• Task details: Since only the text is wanted, print every entry below exactly and omit the images.

(Free-text object descriptions)

##########

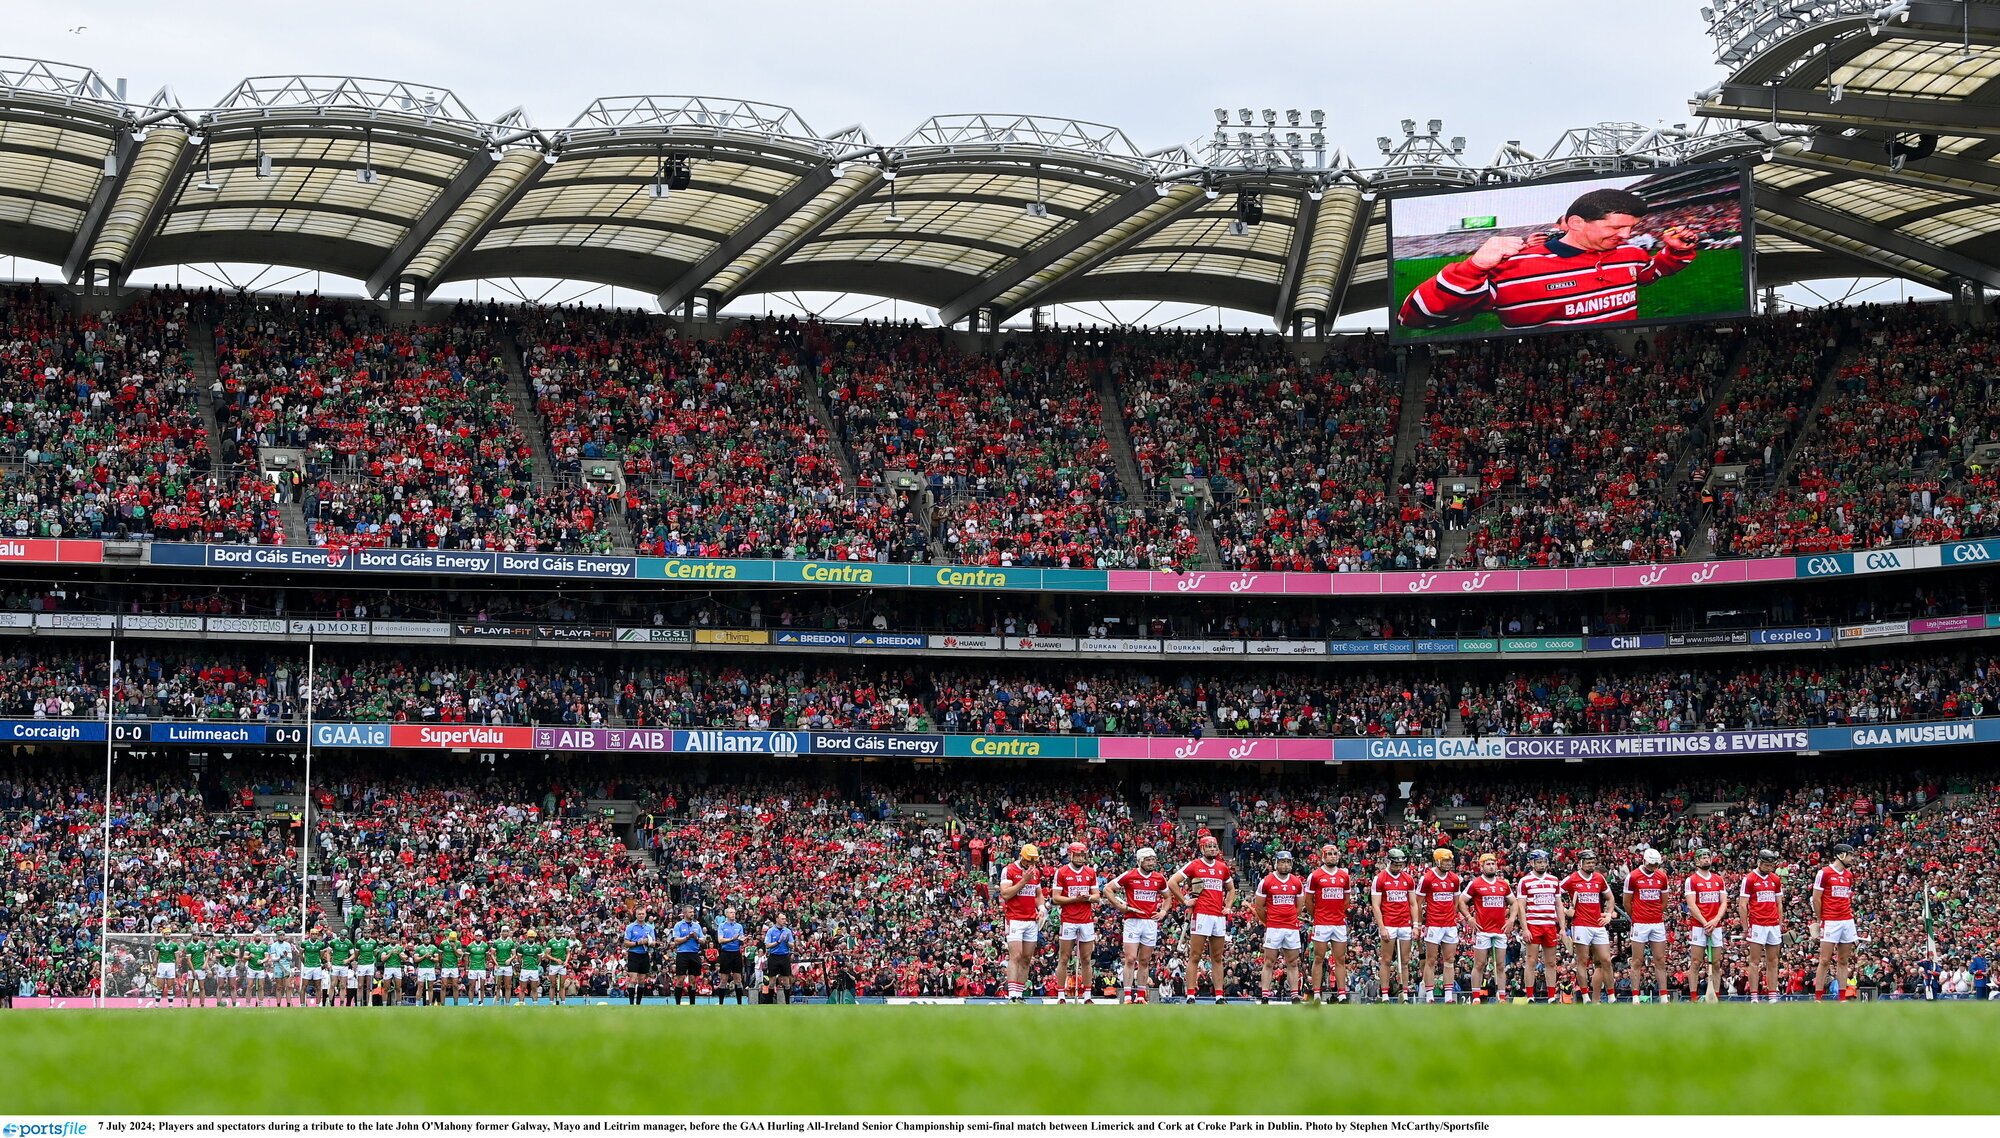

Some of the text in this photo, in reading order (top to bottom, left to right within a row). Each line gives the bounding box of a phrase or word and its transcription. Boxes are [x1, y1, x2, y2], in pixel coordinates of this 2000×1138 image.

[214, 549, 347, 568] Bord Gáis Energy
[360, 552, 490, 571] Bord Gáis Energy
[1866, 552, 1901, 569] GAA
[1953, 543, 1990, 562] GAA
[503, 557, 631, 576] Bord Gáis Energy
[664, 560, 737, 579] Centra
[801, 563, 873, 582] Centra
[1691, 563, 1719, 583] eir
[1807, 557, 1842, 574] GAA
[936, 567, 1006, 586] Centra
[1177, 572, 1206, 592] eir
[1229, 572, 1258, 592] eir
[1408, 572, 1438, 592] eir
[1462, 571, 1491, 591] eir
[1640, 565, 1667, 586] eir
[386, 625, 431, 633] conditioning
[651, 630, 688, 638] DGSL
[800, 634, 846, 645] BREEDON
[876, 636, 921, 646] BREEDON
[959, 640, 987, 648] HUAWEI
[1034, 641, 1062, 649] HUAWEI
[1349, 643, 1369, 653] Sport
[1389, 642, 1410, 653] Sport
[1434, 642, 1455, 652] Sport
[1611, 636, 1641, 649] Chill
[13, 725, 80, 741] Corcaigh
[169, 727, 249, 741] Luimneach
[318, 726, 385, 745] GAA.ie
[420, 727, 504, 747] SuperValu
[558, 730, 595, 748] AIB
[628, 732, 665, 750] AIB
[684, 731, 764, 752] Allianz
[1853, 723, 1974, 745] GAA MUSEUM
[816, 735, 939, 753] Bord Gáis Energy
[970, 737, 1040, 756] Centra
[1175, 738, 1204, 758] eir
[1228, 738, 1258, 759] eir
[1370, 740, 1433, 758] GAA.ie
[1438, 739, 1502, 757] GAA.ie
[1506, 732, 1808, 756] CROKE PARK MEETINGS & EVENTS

##########

• Response box:
Some of the text in this photo, in reading order (top to bottom, left to right within a row). Each line gives the bounding box of a phrase or word and its transcription. Boxes are [x1, y1, x2, y2], in pixel coordinates of this 2000×1138 image.

[214, 549, 347, 568] Bord Gáis Energy
[360, 552, 490, 571] Bord Gáis Energy
[1866, 552, 1901, 569] GAA
[1953, 543, 1990, 562] GAA
[503, 557, 631, 576] Bord Gáis Energy
[664, 560, 737, 579] Centra
[801, 563, 873, 582] Centra
[1691, 563, 1719, 583] eir
[1807, 557, 1842, 574] GAA
[936, 567, 1006, 586] Centra
[1177, 572, 1206, 592] eir
[1229, 572, 1258, 592] eir
[1408, 572, 1438, 592] eir
[1462, 571, 1491, 591] eir
[1640, 565, 1667, 586] eir
[386, 625, 431, 633] conditioning
[651, 630, 688, 638] DGSL
[800, 634, 846, 645] BREEDON
[876, 636, 921, 646] BREEDON
[959, 640, 987, 648] HUAWEI
[1034, 641, 1062, 649] HUAWEI
[1349, 643, 1369, 653] Sport
[1389, 642, 1410, 653] Sport
[1434, 642, 1455, 652] Sport
[1611, 636, 1641, 649] Chill
[13, 725, 80, 741] Corcaigh
[169, 727, 249, 741] Luimneach
[318, 726, 385, 745] GAA.ie
[420, 727, 504, 747] SuperValu
[558, 730, 595, 748] AIB
[628, 732, 665, 750] AIB
[684, 731, 764, 752] Allianz
[1853, 723, 1974, 745] GAA MUSEUM
[816, 735, 939, 753] Bord Gáis Energy
[970, 737, 1040, 756] Centra
[1175, 738, 1204, 758] eir
[1228, 738, 1258, 759] eir
[1370, 740, 1433, 758] GAA.ie
[1438, 739, 1502, 757] GAA.ie
[1506, 732, 1808, 756] CROKE PARK MEETINGS & EVENTS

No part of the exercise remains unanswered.